> **Problem details**: Transcribe the listing exactly as written. Leave the images out.

+ + + + + + +

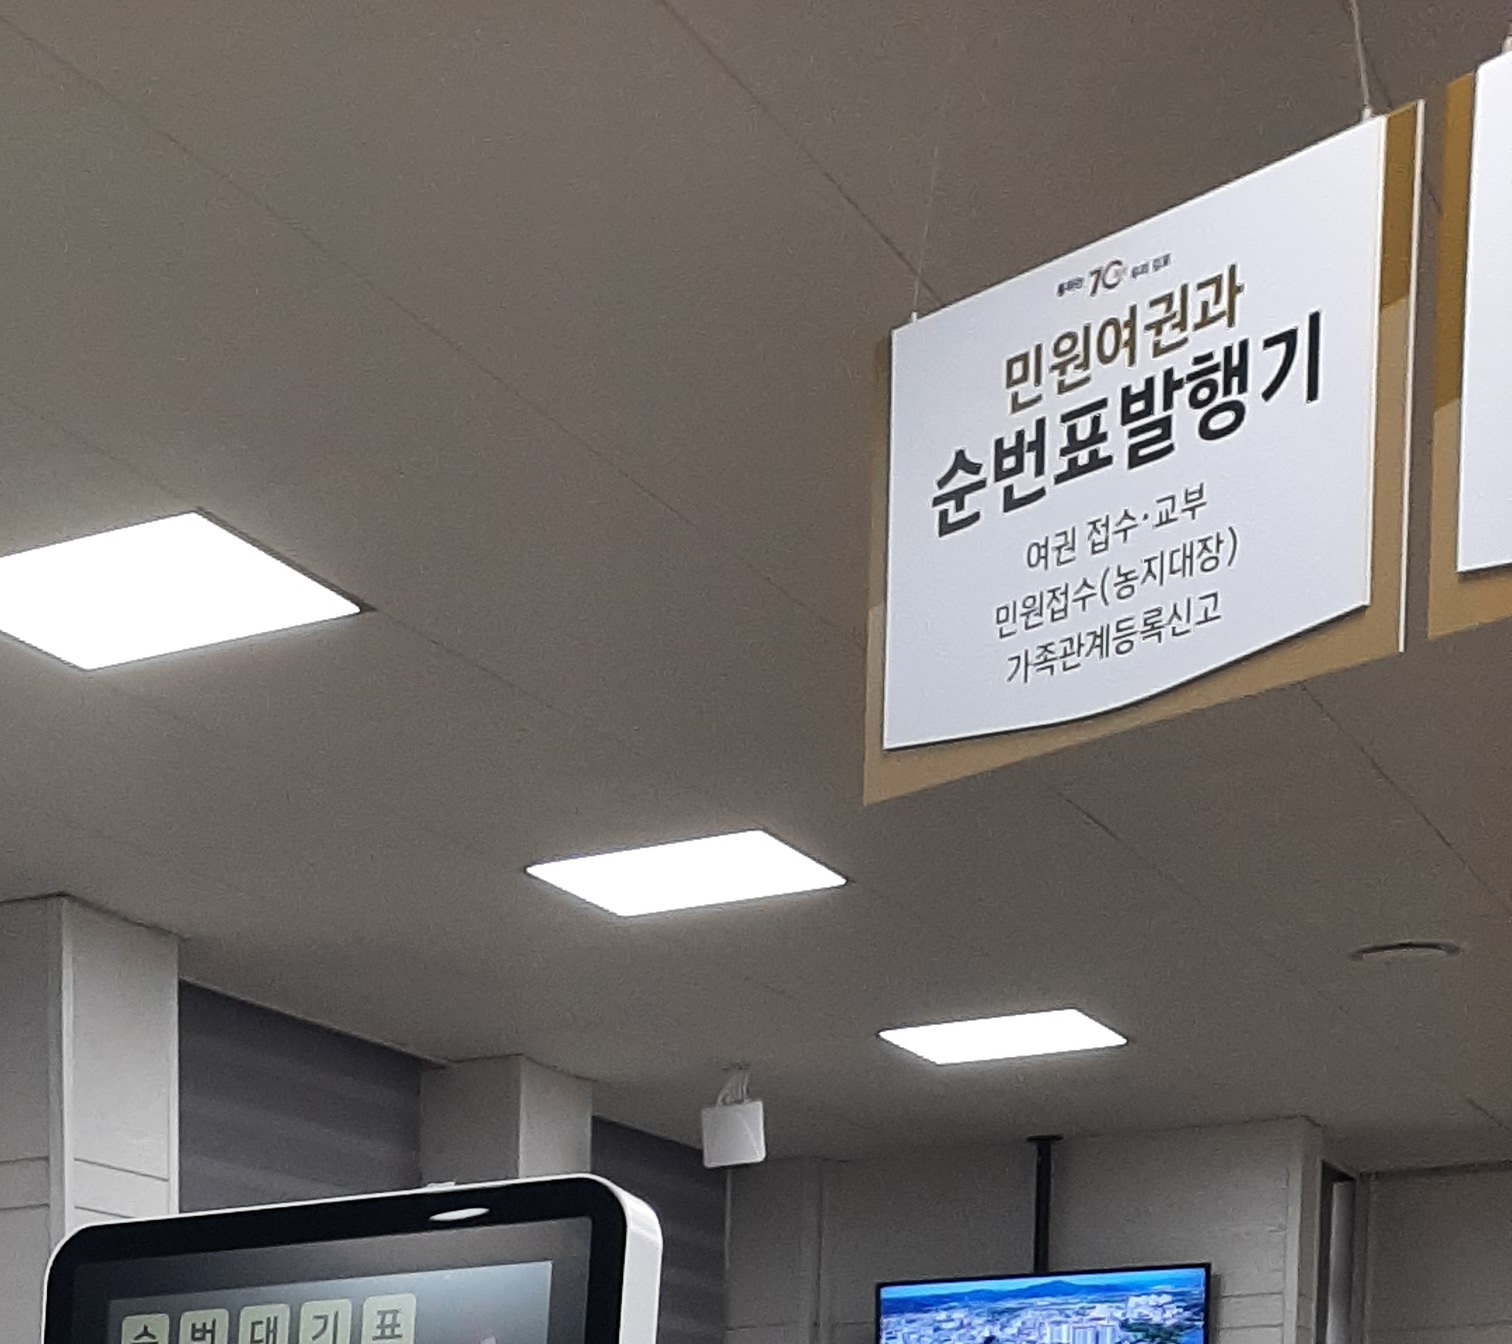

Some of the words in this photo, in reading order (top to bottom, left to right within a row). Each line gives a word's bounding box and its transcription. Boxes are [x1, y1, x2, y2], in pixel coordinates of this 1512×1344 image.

[1005, 263, 1245, 414] 민원여권과
[930, 308, 1322, 538] 순번표발행기
[994, 526, 1240, 638] 민원접수(농지대장)
[1025, 525, 1077, 570] 여권
[1004, 591, 1223, 684] 가족관계등록신고
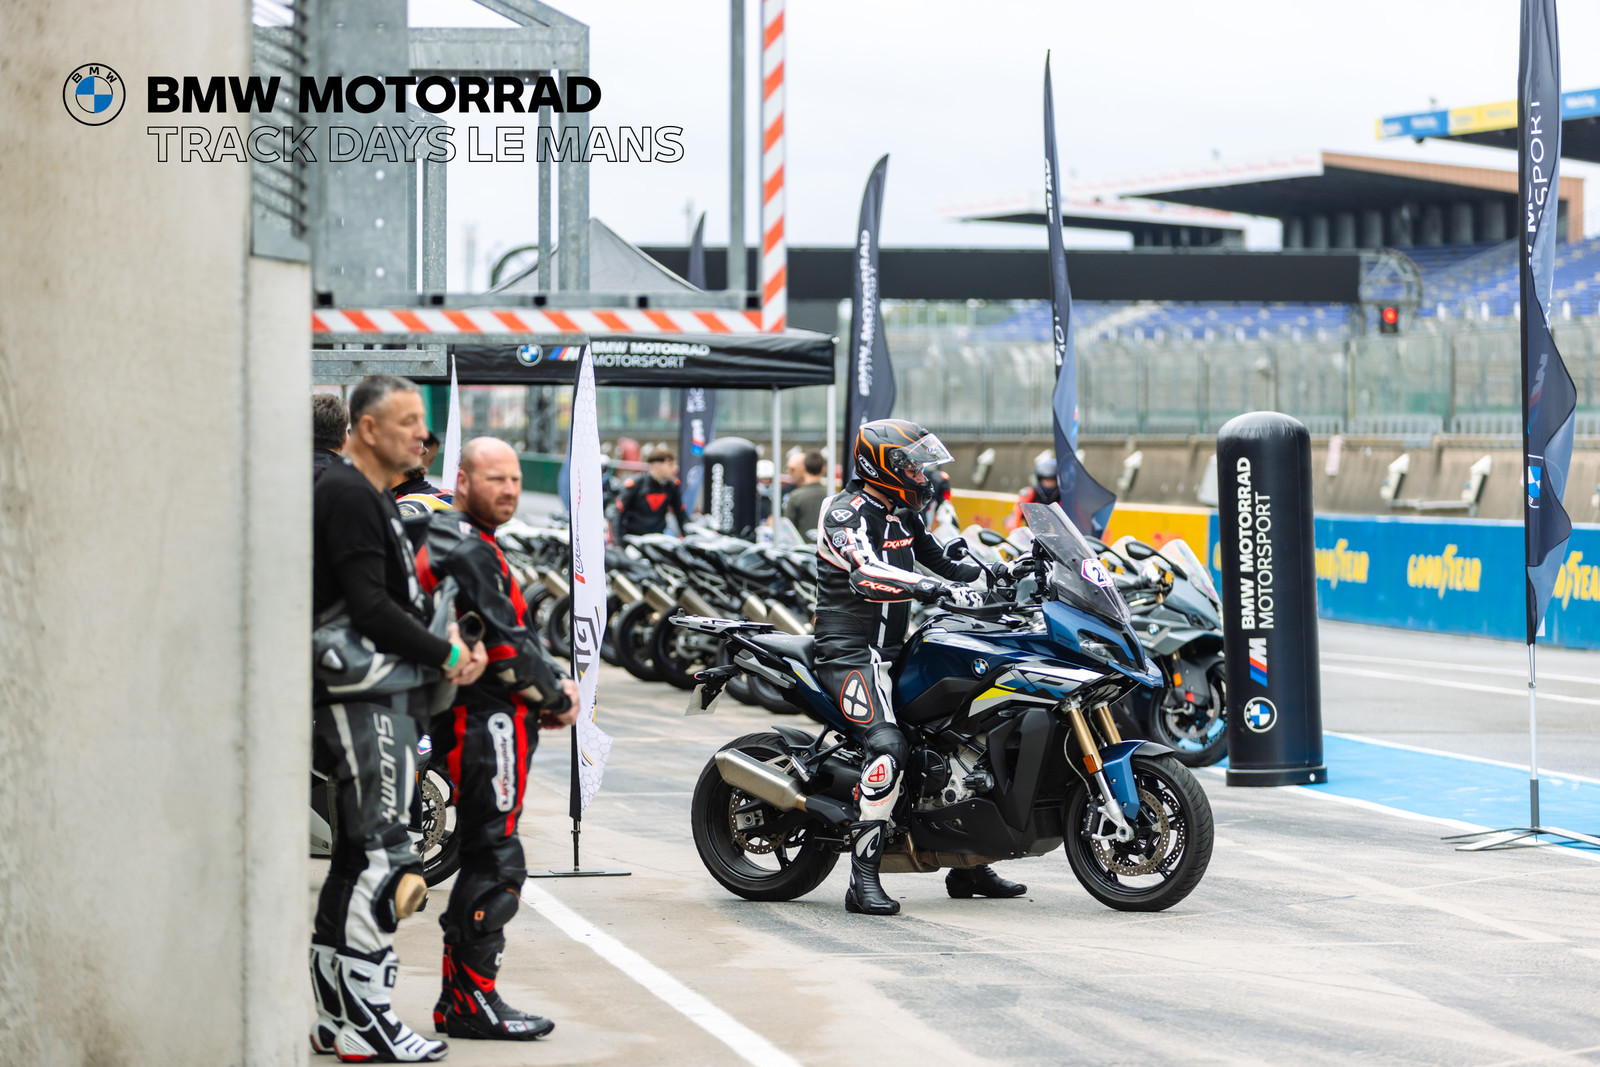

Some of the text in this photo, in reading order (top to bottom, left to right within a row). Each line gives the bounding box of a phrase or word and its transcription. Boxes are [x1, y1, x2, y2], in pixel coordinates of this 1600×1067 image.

[591, 341, 628, 354] BMW
[631, 342, 711, 357] MOTORRAD
[592, 354, 687, 368] MOTORSPORT
[1236, 457, 1254, 573] MOTORRAD
[1255, 491, 1274, 629] MOTORSPORT
[1315, 538, 1369, 590] OODYEAR
[1407, 543, 1481, 599] GOODYEAR
[857, 580, 904, 595] IXON
[1241, 577, 1256, 630] BMW

+ + + + + + +

> **Problem solution**:
Some of the words in this photo, in reading order (top to bottom, left to right within a row). Each line gives a word's bounding box and its transcription. Boxes are [x1, y1, x2, y2], in pixel coordinates of this 1512×1344 image.

[1005, 263, 1245, 414] 민원여권과
[930, 308, 1322, 538] 순번표발행기
[994, 526, 1240, 638] 민원접수(농지대장)
[1025, 525, 1077, 570] 여권
[1004, 591, 1223, 684] 가족관계등록신고

Some of the text in this photo, in reading order (top to bottom, left to right within a row). Each line gives the bounding box of a phrase or word and its transcription. Boxes are [x1, y1, x2, y2], in pixel coordinates of this 1600×1067 image.

[591, 341, 628, 354] BMW
[631, 342, 711, 357] MOTORRAD
[592, 354, 687, 368] MOTORSPORT
[1236, 457, 1254, 573] MOTORRAD
[1255, 491, 1274, 629] MOTORSPORT
[1315, 538, 1369, 590] OODYEAR
[1407, 543, 1481, 599] GOODYEAR
[857, 580, 904, 595] IXON
[1241, 577, 1256, 630] BMW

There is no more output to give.